▼

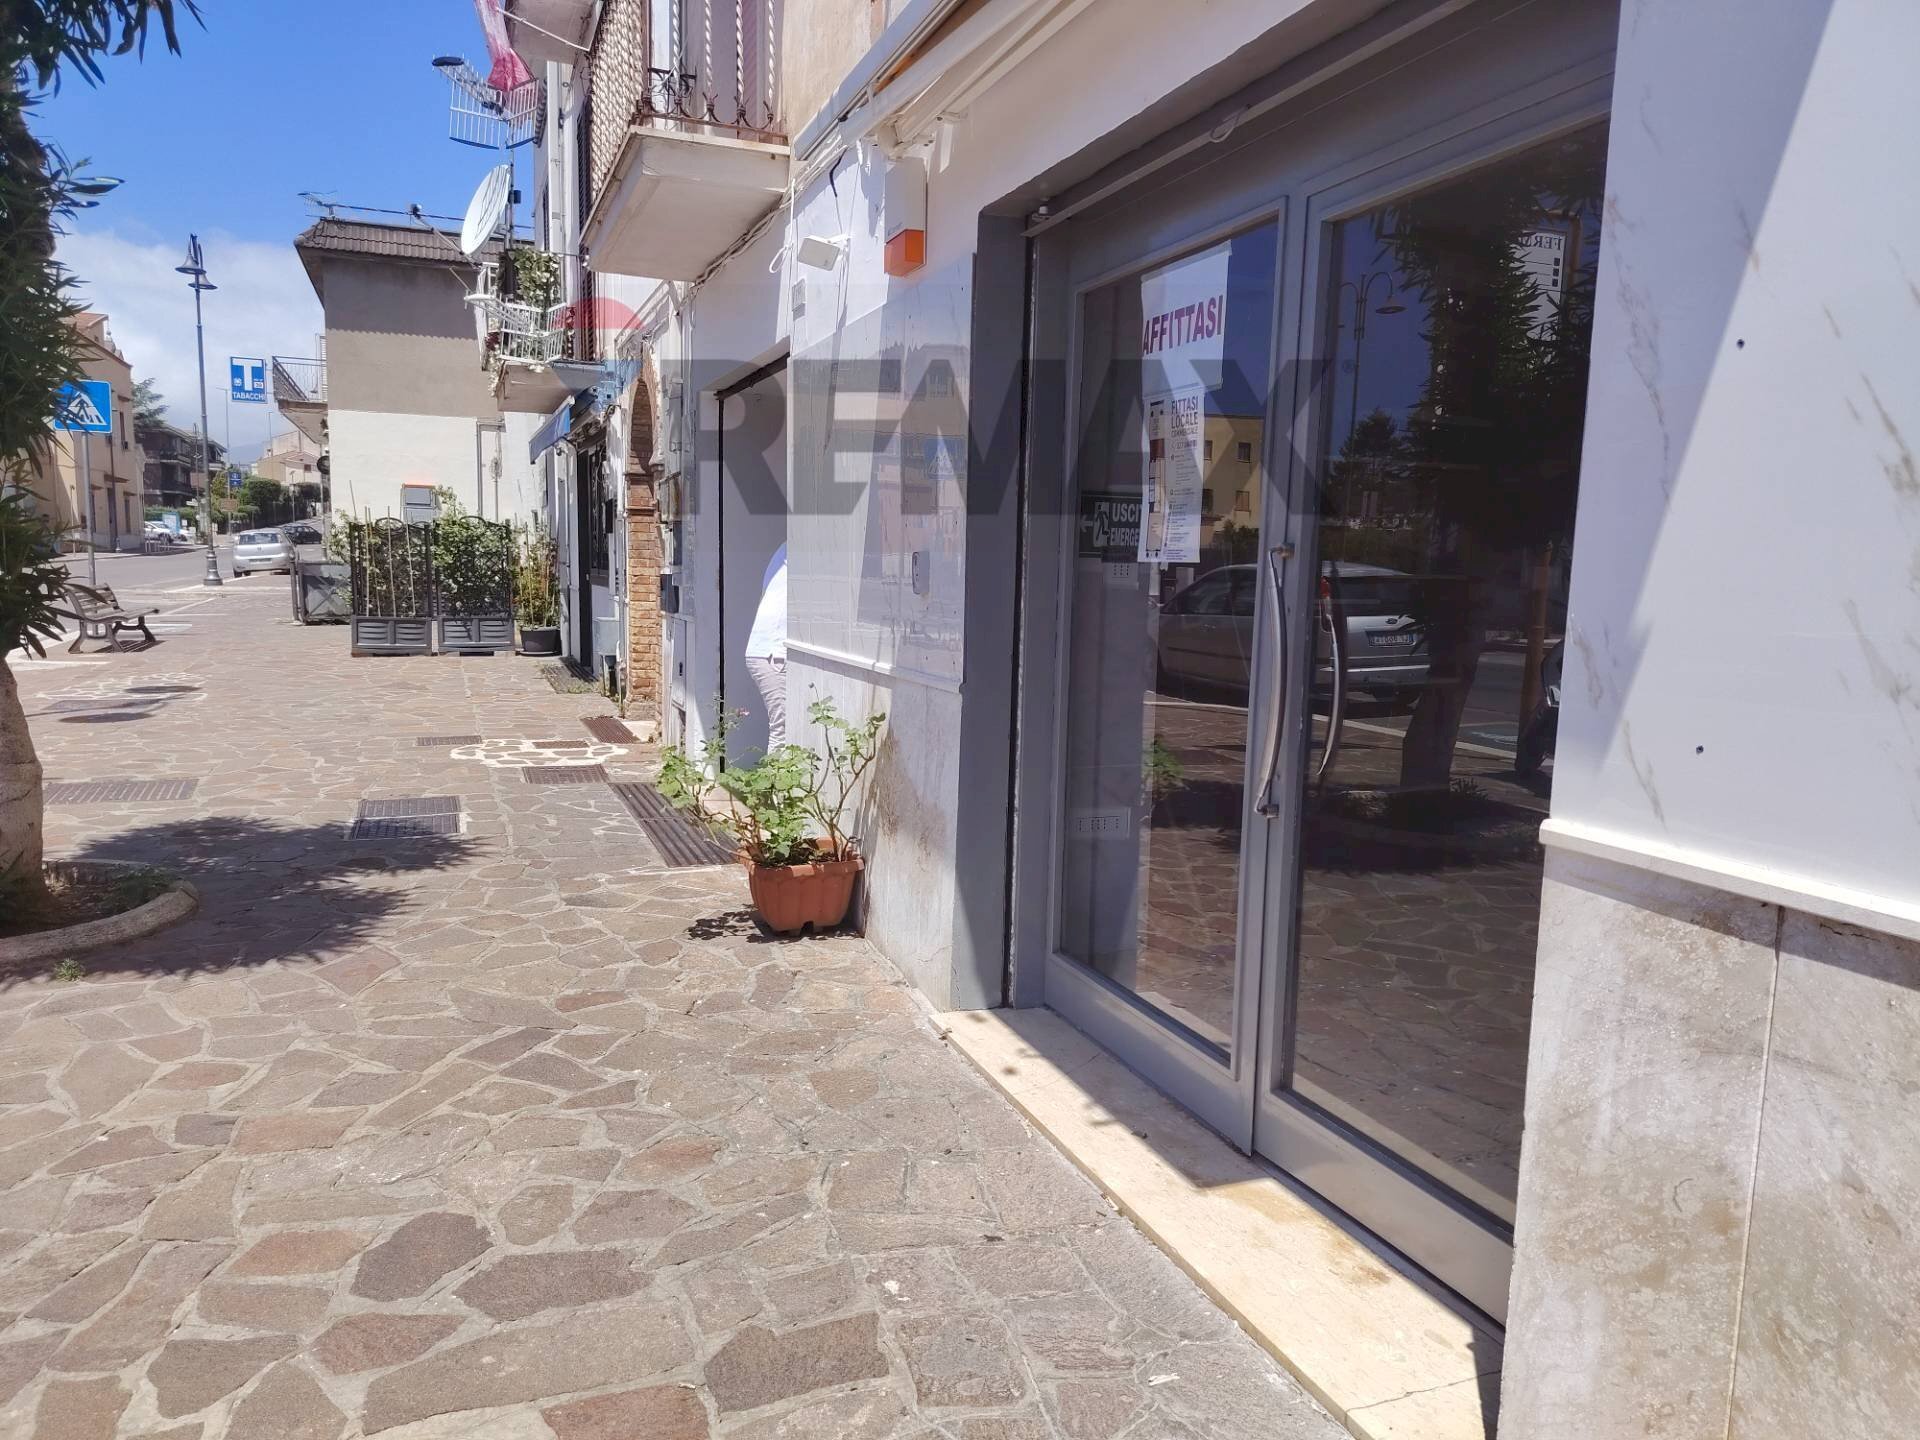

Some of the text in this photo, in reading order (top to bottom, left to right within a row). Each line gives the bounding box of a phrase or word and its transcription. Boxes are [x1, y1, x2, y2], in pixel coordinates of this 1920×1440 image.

[1143, 295, 1224, 355] AFFITTASI
[232, 360, 262, 390] T
[1171, 395, 1199, 415] FITTASI
[1171, 411, 1198, 429] LOCALE
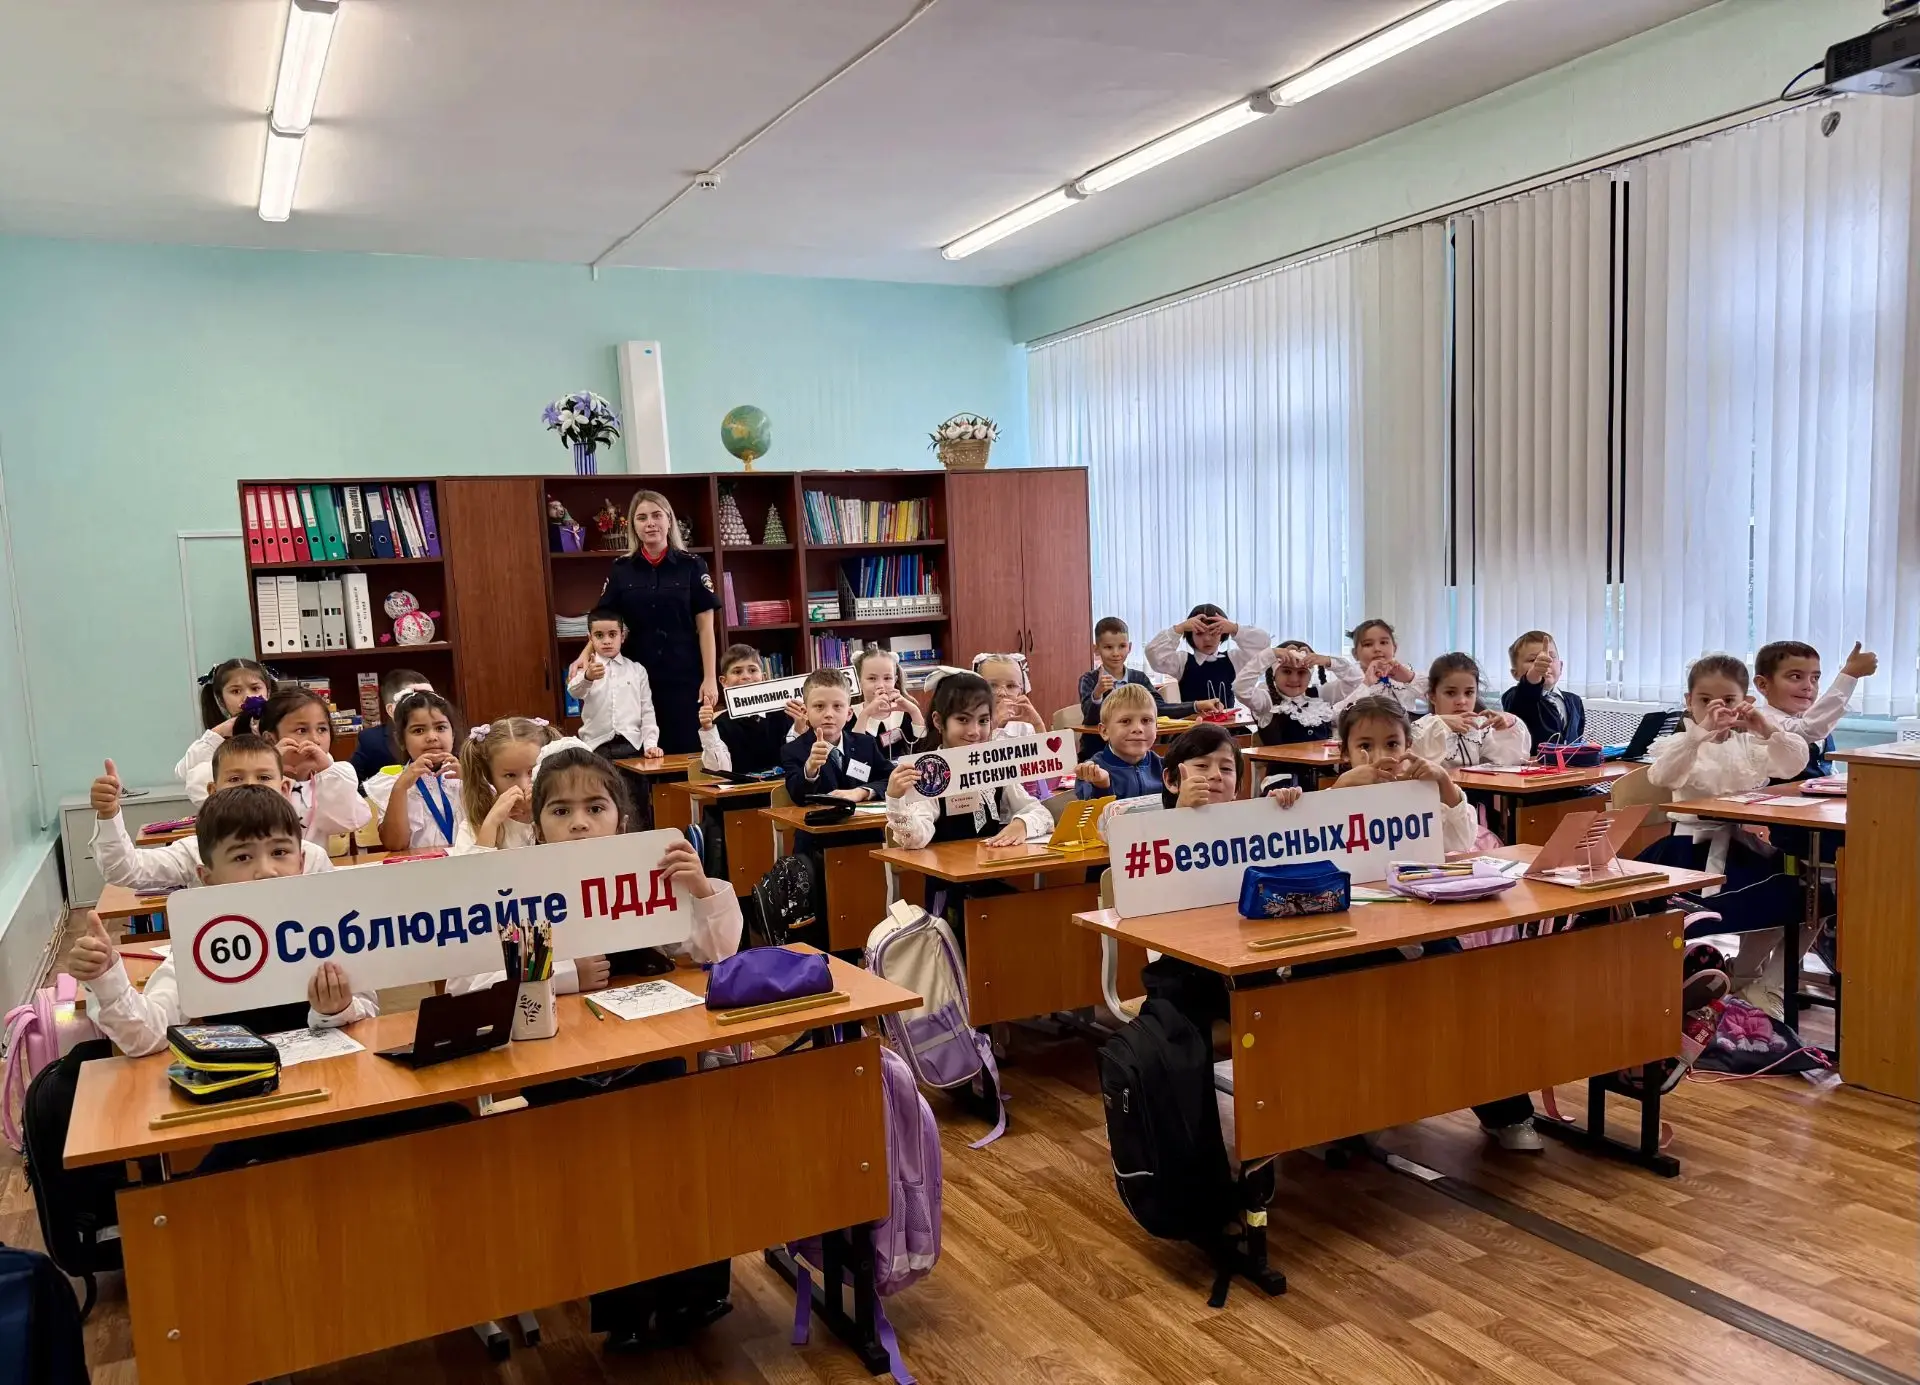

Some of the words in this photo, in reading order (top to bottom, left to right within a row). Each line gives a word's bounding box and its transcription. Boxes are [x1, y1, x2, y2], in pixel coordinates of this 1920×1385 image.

[960, 765, 1017, 789] ДЕТСКУЮ
[1020, 758, 1063, 776] ЖИЗНЬ
[1125, 812, 1433, 878] #БезопасныхДорог
[275, 888, 567, 963] Соблюдайте
[580, 868, 677, 920] ПДД
[210, 934, 251, 963] 60

▲

**Instructions for the task:**
Since the copy should hold text only, set down each record exactly and leave the pictures out.

**Reply to the task:**
Some of the text in this photo, in reading order (top to bottom, left to right within a row). Each line gives the bounding box of a phrase or word and its transcription. Boxes are [x1, y1, x2, y2], in pixel coordinates of this 1920×1440 image.

[1143, 295, 1224, 355] AFFITTASI
[232, 360, 262, 390] T
[1171, 395, 1199, 415] FITTASI
[1171, 411, 1198, 429] LOCALE

Some of the words in this photo, in reading order (top to bottom, left to right within a row). Each line gives a word's bounding box and its transcription. Boxes are [x1, y1, x2, y2], in pixel coordinates of this 1920×1385 image.

[960, 765, 1017, 789] ДЕТСКУЮ
[1020, 758, 1063, 776] ЖИЗНЬ
[1125, 812, 1433, 878] #БезопасныхДорог
[275, 888, 567, 963] Соблюдайте
[580, 868, 677, 920] ПДД
[210, 934, 251, 963] 60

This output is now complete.